## Exercise objective
When you retype the records that follow, keep each word as it is and drop any pictures.

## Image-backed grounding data
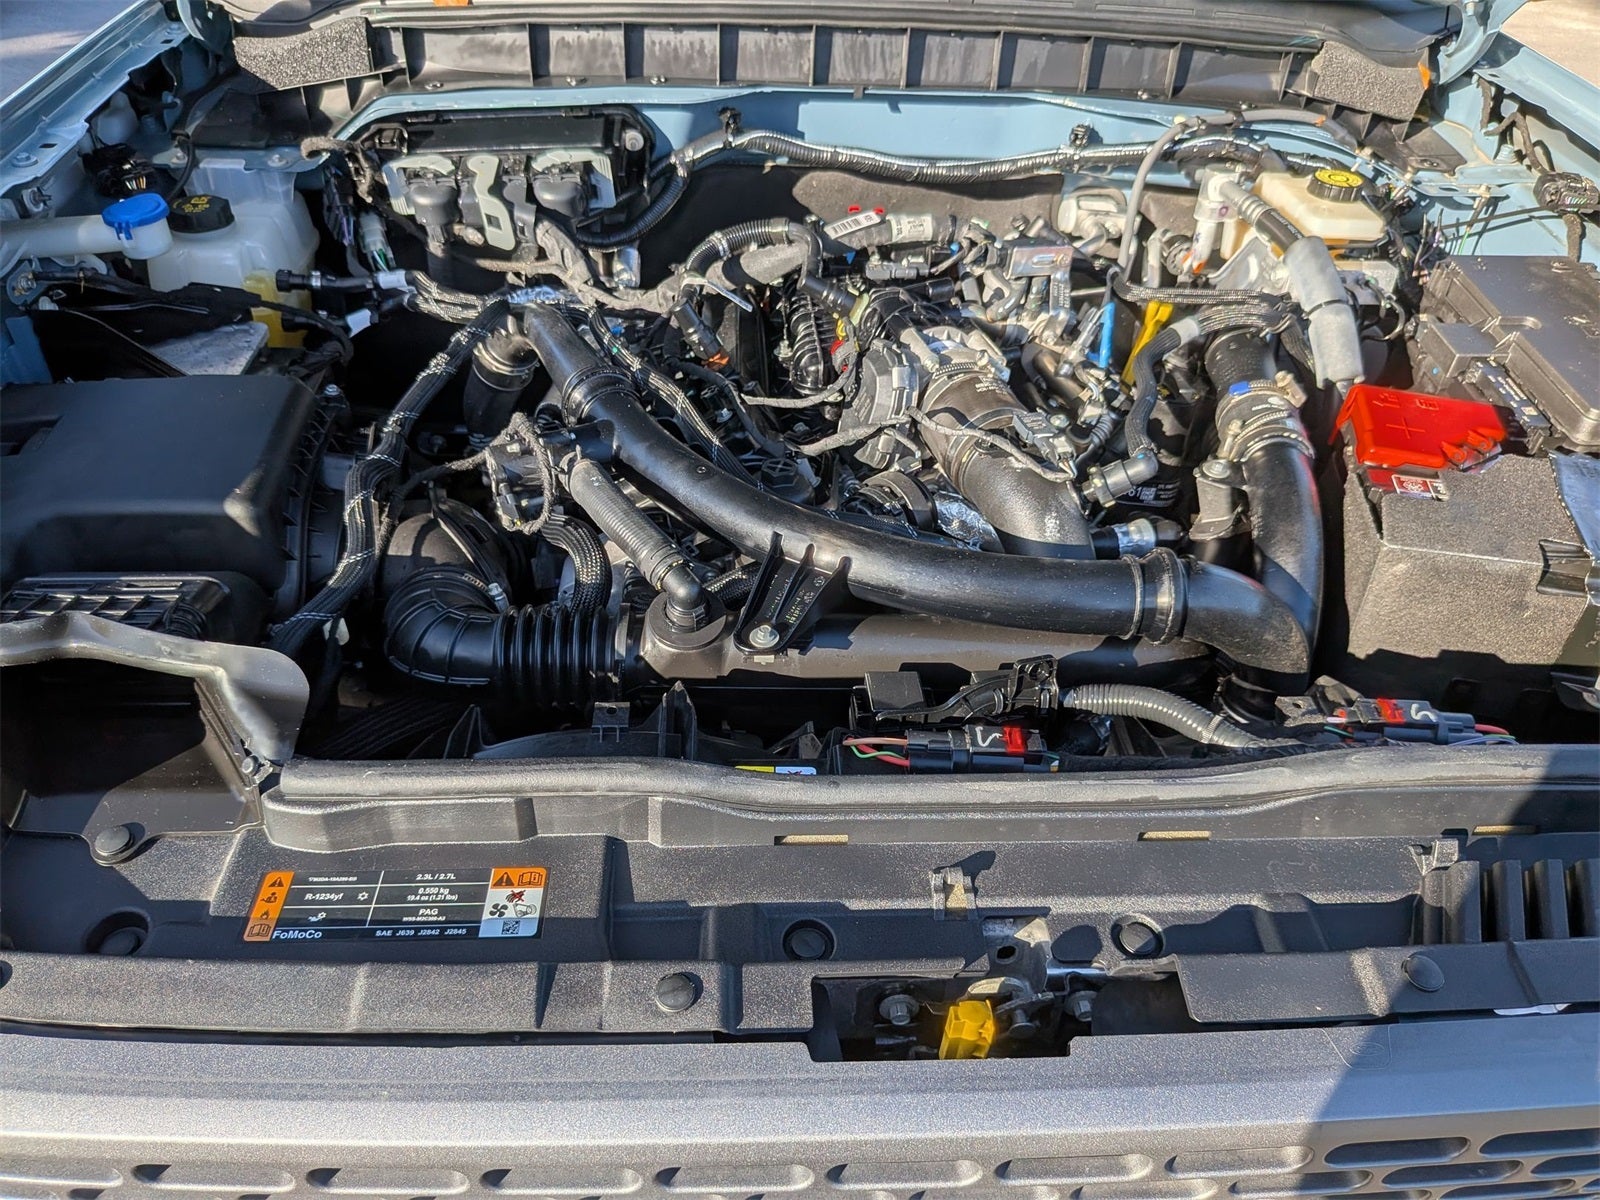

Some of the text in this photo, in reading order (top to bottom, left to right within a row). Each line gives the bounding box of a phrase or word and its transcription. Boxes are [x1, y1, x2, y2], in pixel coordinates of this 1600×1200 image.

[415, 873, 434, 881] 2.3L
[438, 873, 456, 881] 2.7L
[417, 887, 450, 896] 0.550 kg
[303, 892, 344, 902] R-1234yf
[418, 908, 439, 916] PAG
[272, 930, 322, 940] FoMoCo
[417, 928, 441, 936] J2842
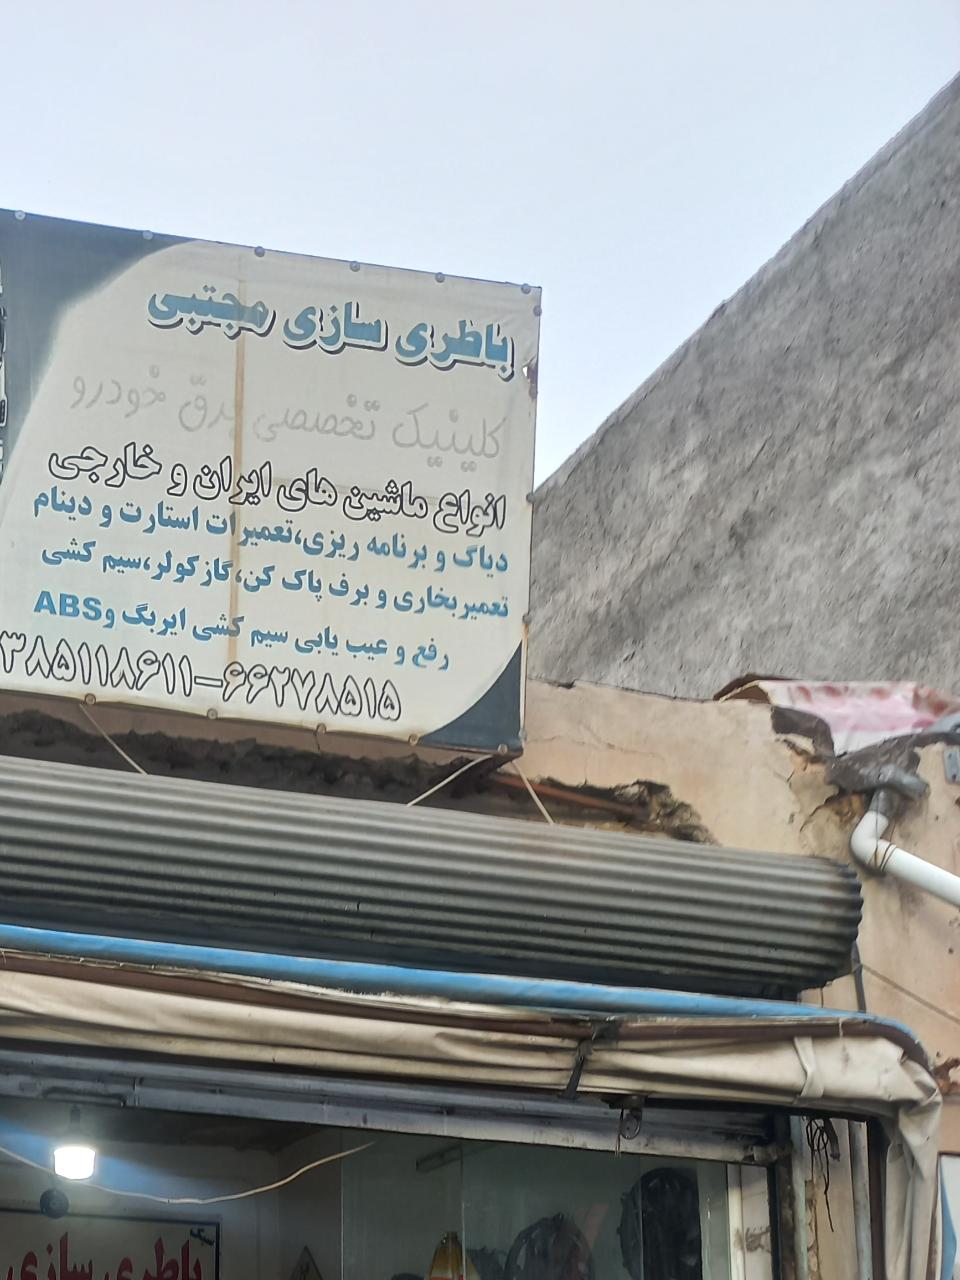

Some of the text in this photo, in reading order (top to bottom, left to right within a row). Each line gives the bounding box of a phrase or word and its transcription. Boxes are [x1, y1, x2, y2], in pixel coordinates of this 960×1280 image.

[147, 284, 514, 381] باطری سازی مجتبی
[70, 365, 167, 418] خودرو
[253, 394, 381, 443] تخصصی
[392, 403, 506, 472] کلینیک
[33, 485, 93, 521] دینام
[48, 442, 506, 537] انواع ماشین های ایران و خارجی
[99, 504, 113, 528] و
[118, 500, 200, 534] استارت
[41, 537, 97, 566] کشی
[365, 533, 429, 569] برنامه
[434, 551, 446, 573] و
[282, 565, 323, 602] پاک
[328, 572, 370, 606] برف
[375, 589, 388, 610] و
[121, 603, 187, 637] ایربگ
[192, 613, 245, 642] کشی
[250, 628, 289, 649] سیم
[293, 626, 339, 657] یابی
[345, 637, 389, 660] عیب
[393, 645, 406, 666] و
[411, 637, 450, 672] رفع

## Written answer
Some of the text in this photo, in reading order (top to bottom, left to right within a row). Each line gives the bounding box of a phrase or word and its transcription. Boxes are [x1, y1, x2, y2], in pixel coordinates of this 1600×1200 image.

[415, 873, 434, 881] 2.3L
[438, 873, 456, 881] 2.7L
[417, 887, 450, 896] 0.550 kg
[303, 892, 344, 902] R-1234yf
[418, 908, 439, 916] PAG
[272, 930, 322, 940] FoMoCo
[417, 928, 441, 936] J2842

Some of the text in this photo, in reading order (top to bottom, left to right within a row). Each line gives the bounding box of a phrase or word and its transcription. Boxes are [x1, y1, x2, y2], in pixel coordinates of this 960×1280 image.

[147, 284, 514, 381] باطری سازی مجتبی
[70, 365, 167, 418] خودرو
[253, 394, 381, 443] تخصصی
[392, 403, 506, 472] کلینیک
[33, 485, 93, 521] دینام
[48, 442, 506, 537] انواع ماشین های ایران و خارجی
[99, 504, 113, 528] و
[118, 500, 200, 534] استارت
[41, 537, 97, 566] کشی
[365, 533, 429, 569] برنامه
[434, 551, 446, 573] و
[282, 565, 323, 602] پاک
[328, 572, 370, 606] برف
[375, 589, 388, 610] و
[121, 603, 187, 637] ایربگ
[192, 613, 245, 642] کشی
[250, 628, 289, 649] سیم
[293, 626, 339, 657] یابی
[345, 637, 389, 660] عیب
[393, 645, 406, 666] و
[411, 637, 450, 672] رفع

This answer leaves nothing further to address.